Exercise details -
No pictures are to be included when the entries below are reproduced exactly.

Given information -
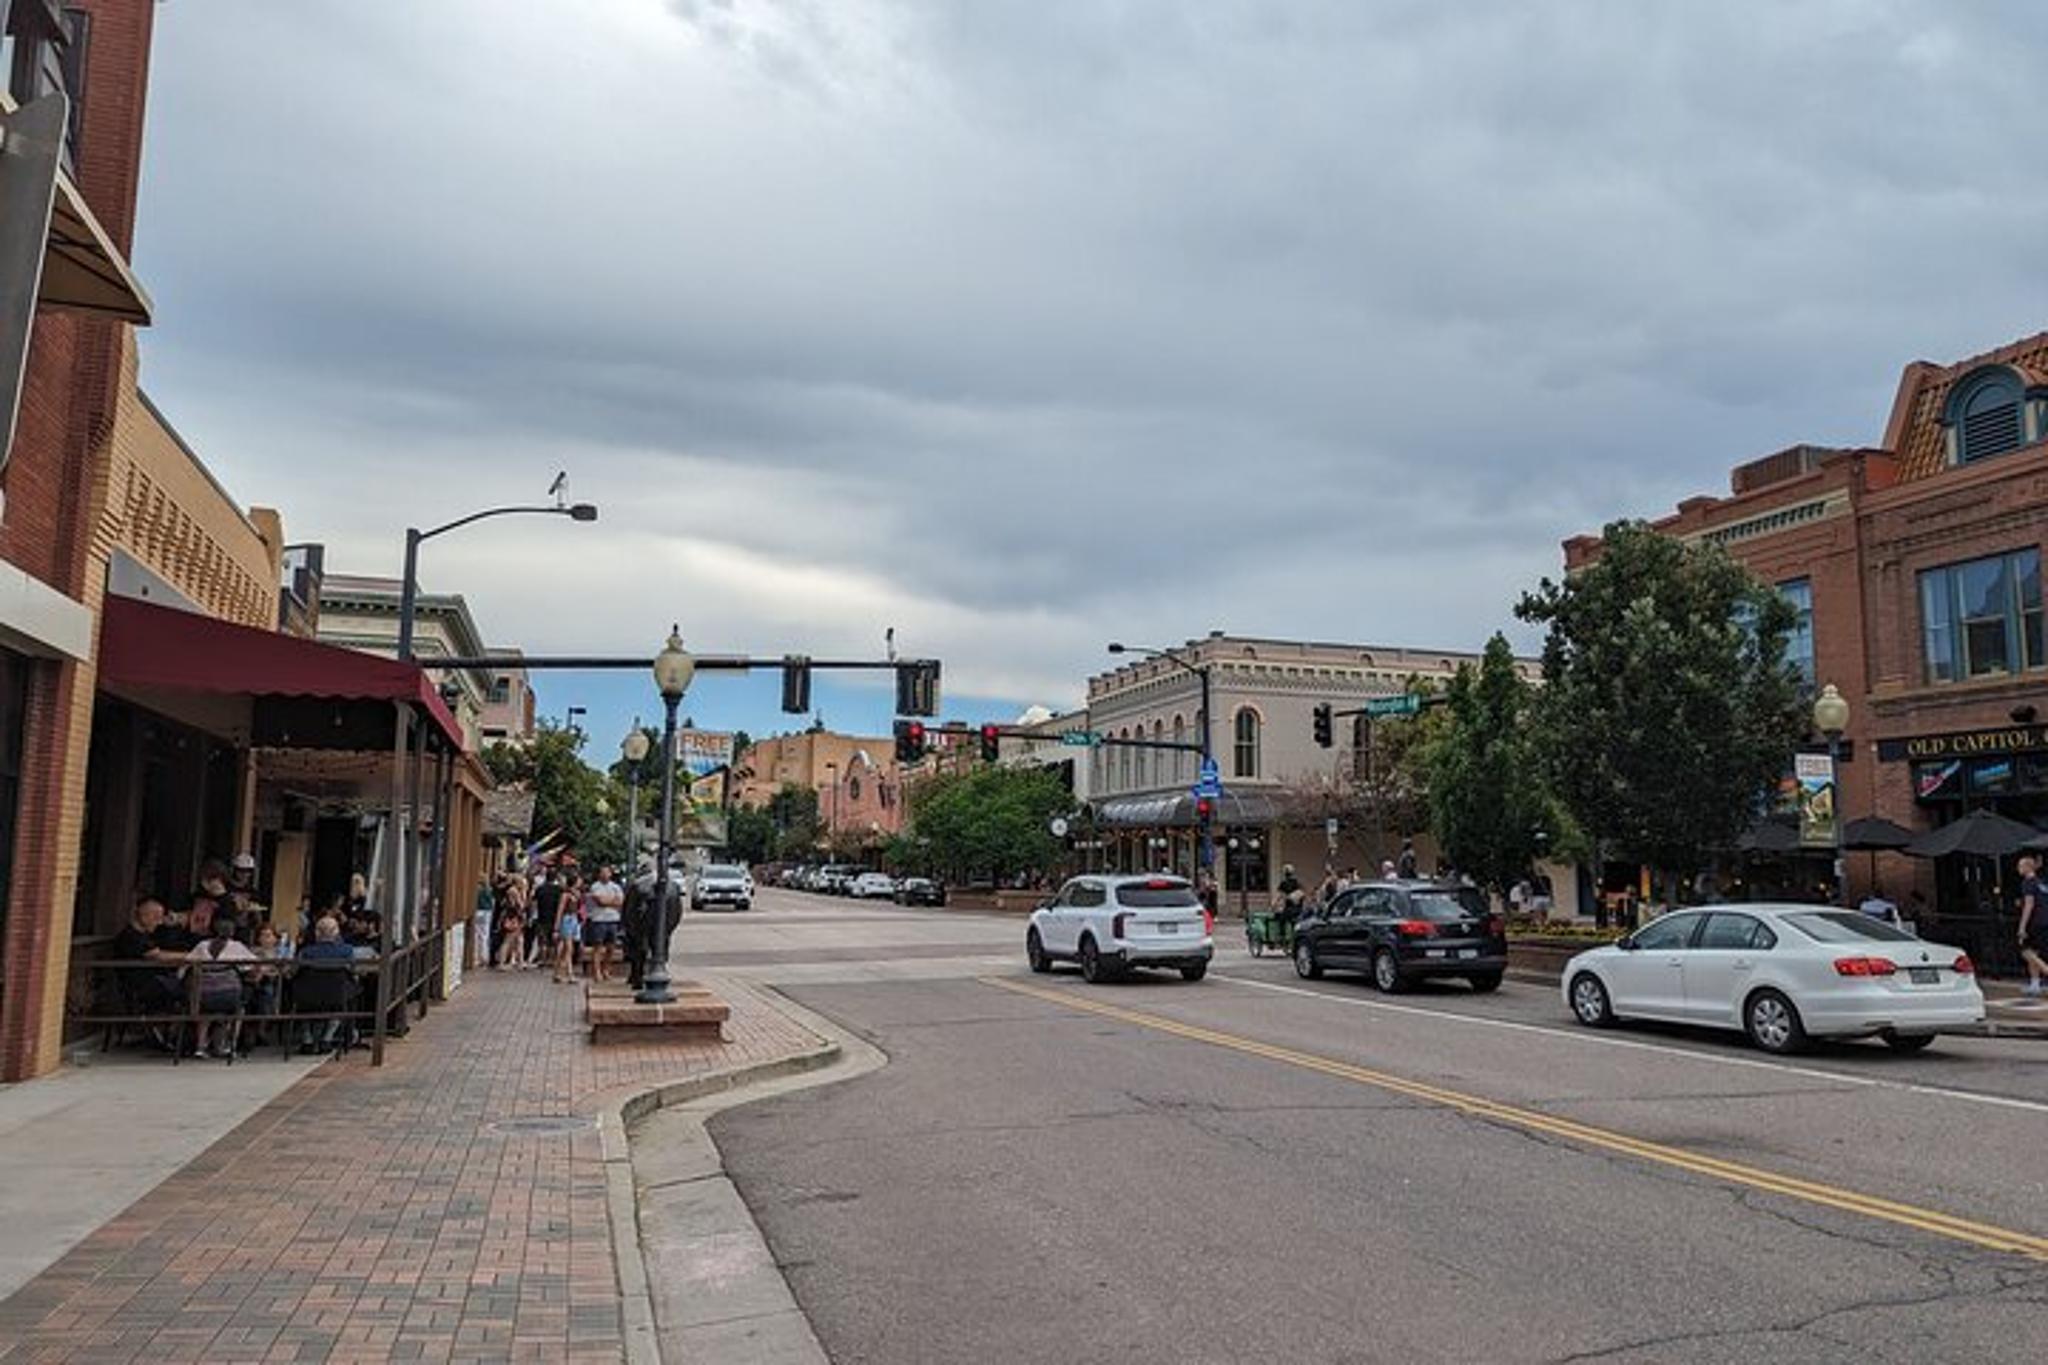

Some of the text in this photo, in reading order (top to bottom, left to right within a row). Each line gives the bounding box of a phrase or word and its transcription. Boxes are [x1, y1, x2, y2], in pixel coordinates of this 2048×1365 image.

[682, 733, 729, 750] FREE
[1907, 738, 1945, 755] OLD
[1953, 730, 2035, 752] CAPITOL
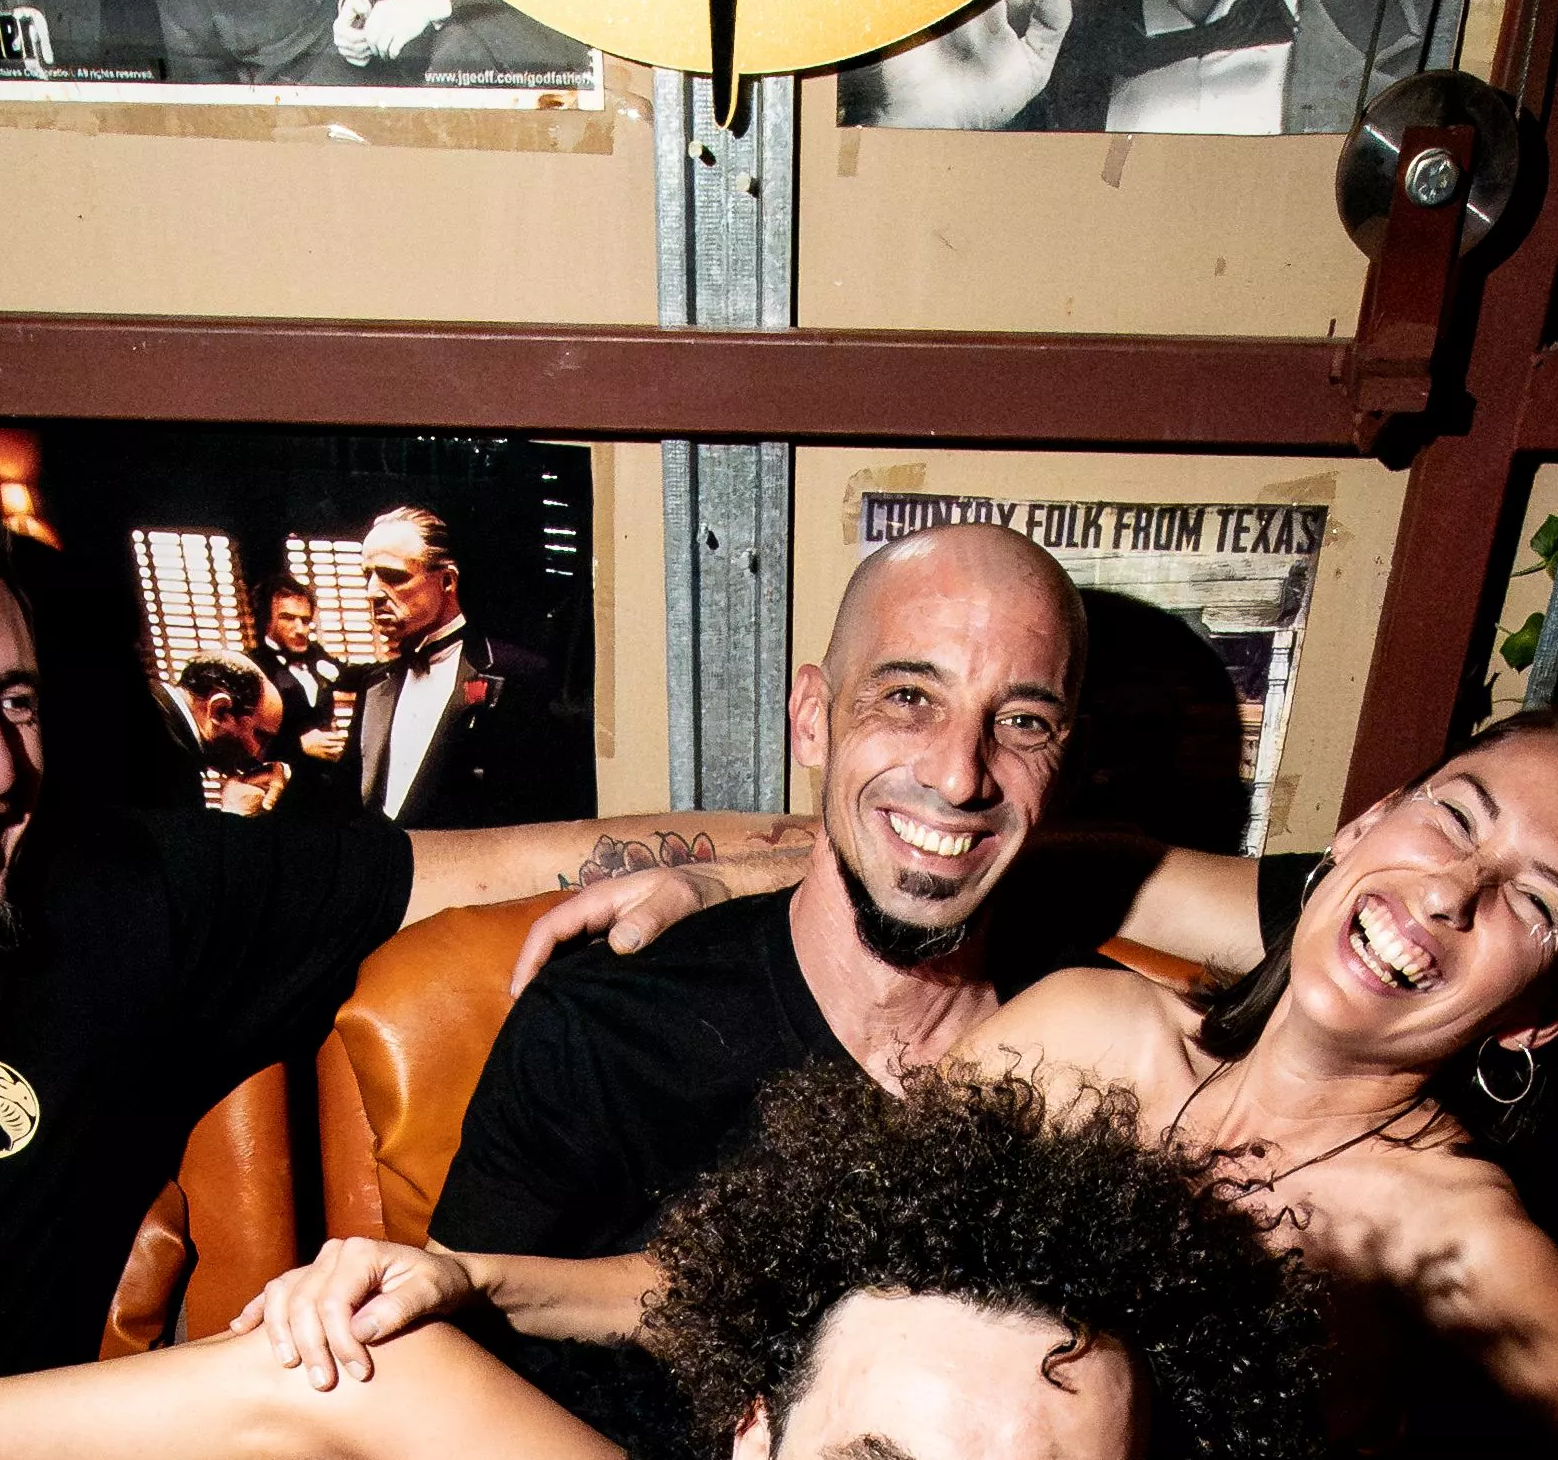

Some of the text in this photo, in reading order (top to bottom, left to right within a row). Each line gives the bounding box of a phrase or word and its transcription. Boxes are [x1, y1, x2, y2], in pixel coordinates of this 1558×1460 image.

[866, 498, 1323, 555] COUNTRY FOLK FROM TEXAS
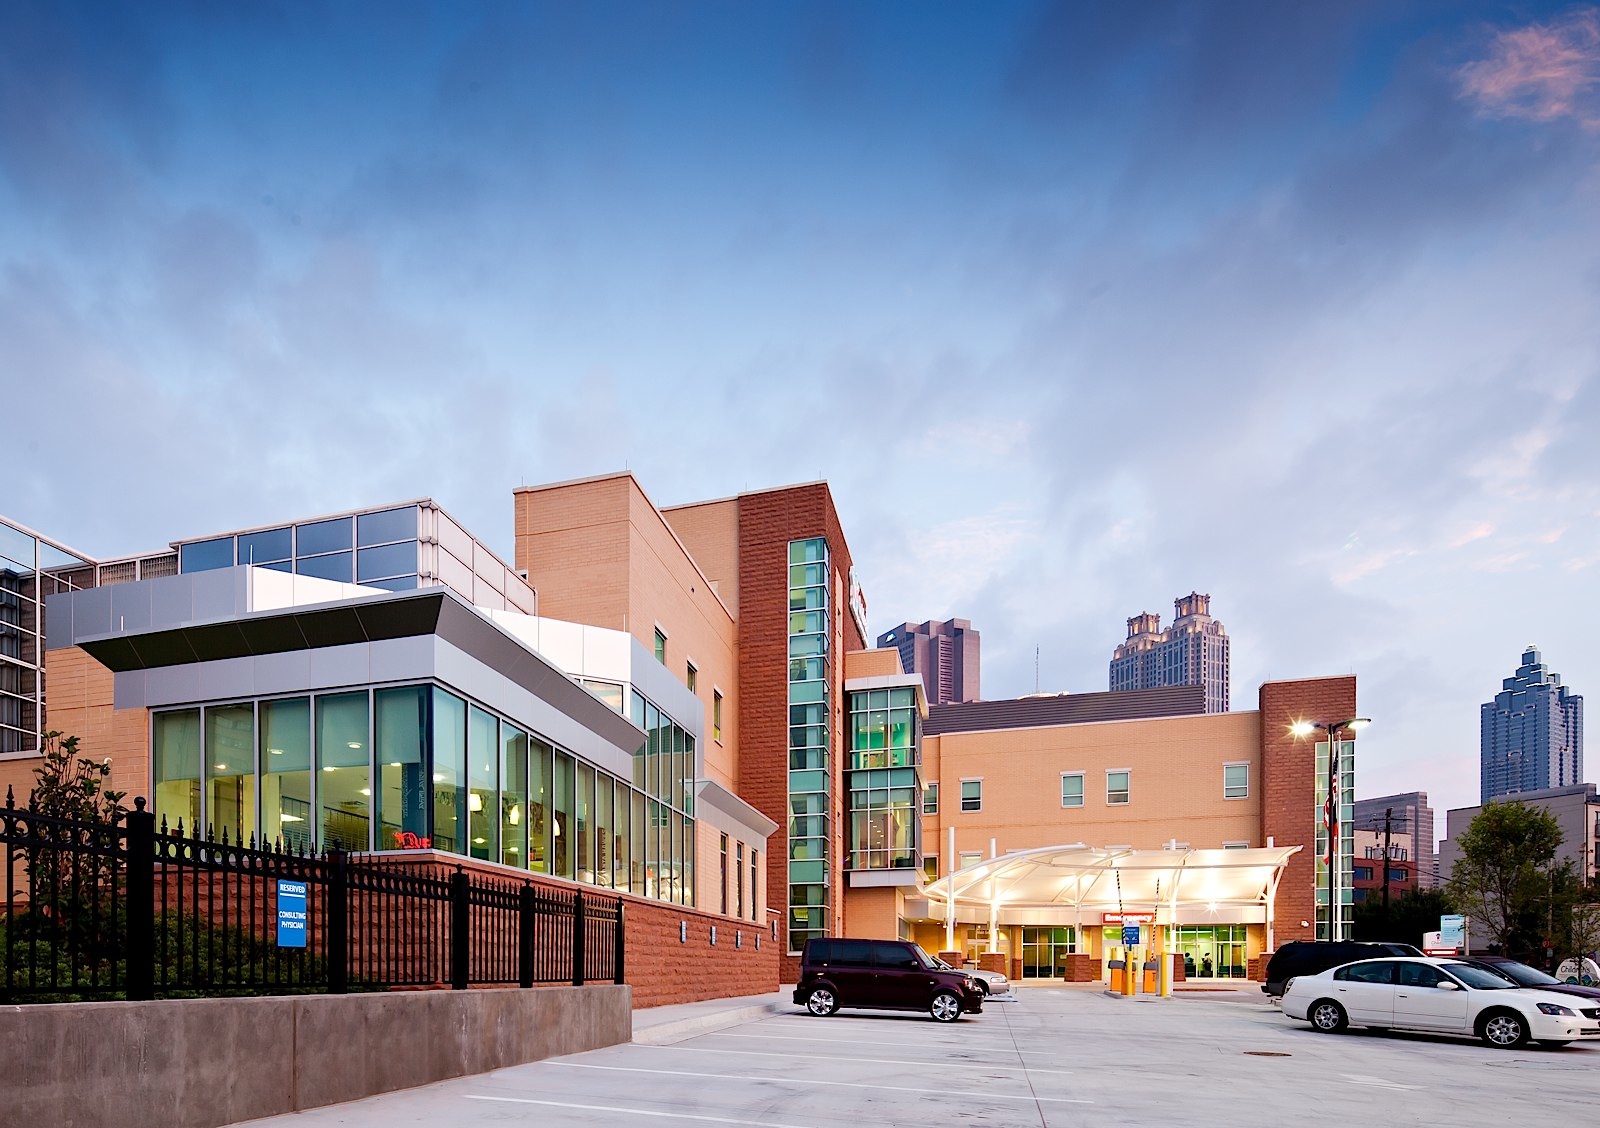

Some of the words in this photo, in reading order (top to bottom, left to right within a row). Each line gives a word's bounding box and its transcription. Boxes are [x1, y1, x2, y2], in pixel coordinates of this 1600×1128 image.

[280, 884, 306, 893] RESERVED
[279, 911, 306, 919] CONSULTING
[281, 921, 304, 929] PHYSICIAN
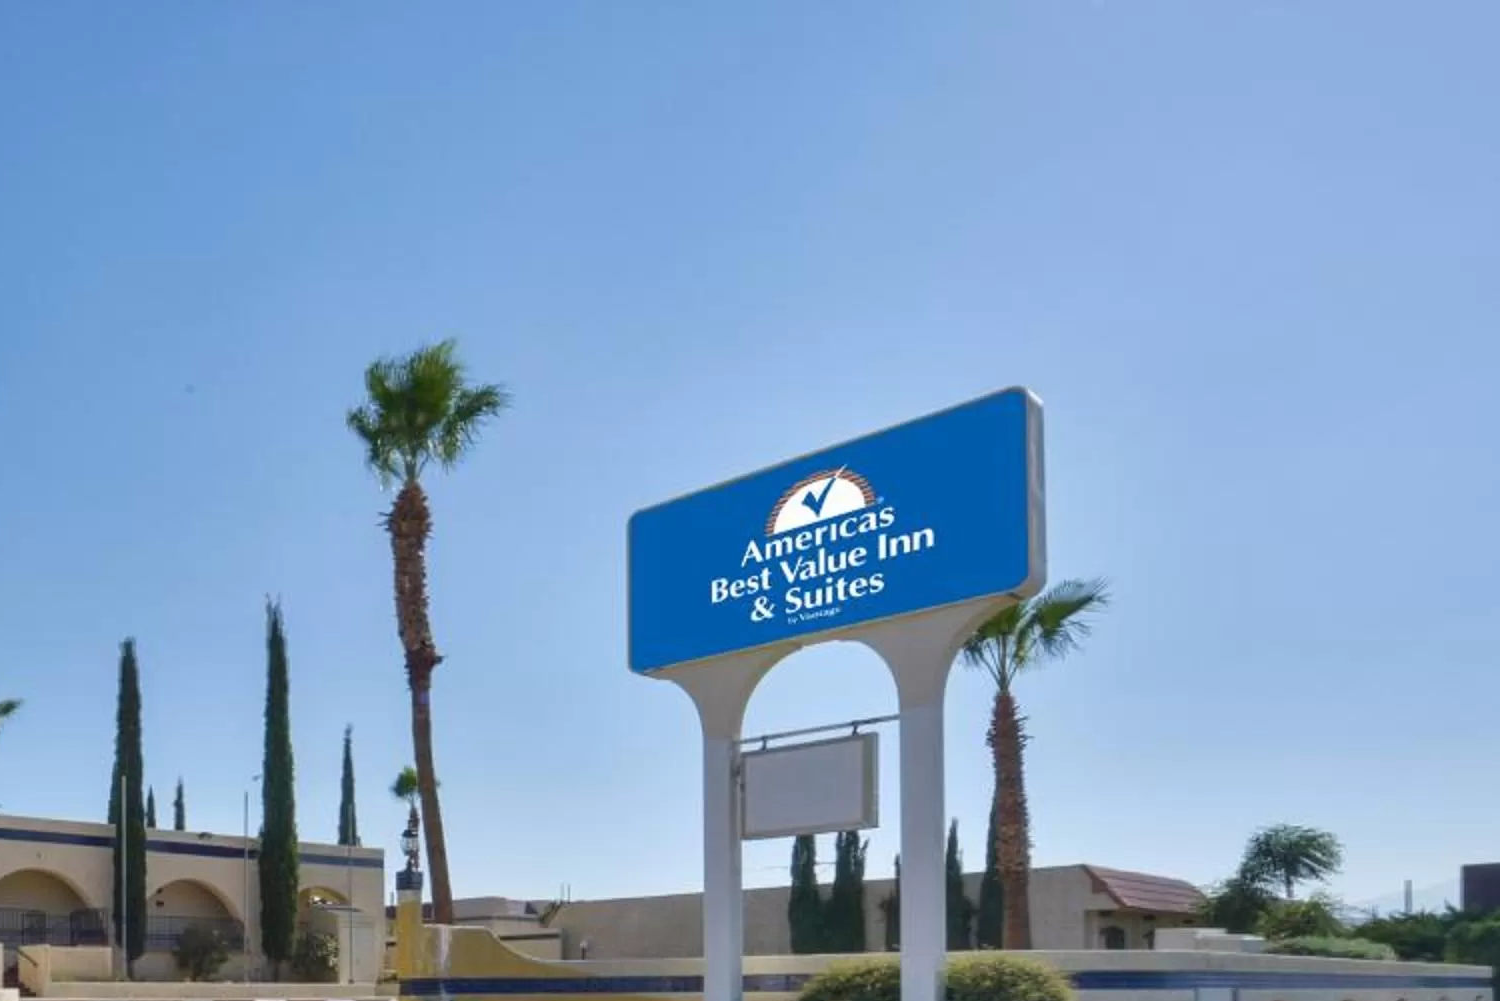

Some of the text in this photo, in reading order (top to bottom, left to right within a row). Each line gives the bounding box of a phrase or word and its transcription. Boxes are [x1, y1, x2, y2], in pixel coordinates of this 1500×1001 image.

[710, 527, 935, 604] Best Value Inn
[741, 505, 895, 567] Americas
[750, 572, 885, 622] & Suites

Result of the exercise -
Some of the text in this photo, in reading order (top to bottom, left to right within a row). Each line gives the bounding box of a phrase or word and its transcription. Boxes are [x1, y1, x2, y2], in pixel coordinates of this 2048×1365 image.

[682, 733, 729, 750] FREE
[1907, 738, 1945, 755] OLD
[1953, 730, 2035, 752] CAPITOL

Some of the text in this photo, in reading order (top to bottom, left to right within a row). Each line gives the bounding box of a phrase or word and its transcription. Boxes are [x1, y1, x2, y2], in pixel coordinates of this 1558×1460 image.

[866, 498, 1323, 555] COUNTRY FOLK FROM TEXAS

Some of the words in this photo, in reading order (top to bottom, left to right within a row). Each line gives a word's bounding box and its transcription. Boxes are [x1, y1, x2, y2], in pixel coordinates of this 1600×1128 image.

[280, 884, 306, 893] RESERVED
[279, 911, 306, 919] CONSULTING
[281, 921, 304, 929] PHYSICIAN

Some of the text in this photo, in reading order (top to bottom, left to right within a row). Each line gives the bounding box of a phrase or word and its transcription. Boxes are [x1, y1, x2, y2], in pixel coordinates of this 1500×1001 image.

[710, 527, 935, 604] Best Value Inn
[741, 505, 895, 567] Americas
[750, 572, 885, 622] & Suites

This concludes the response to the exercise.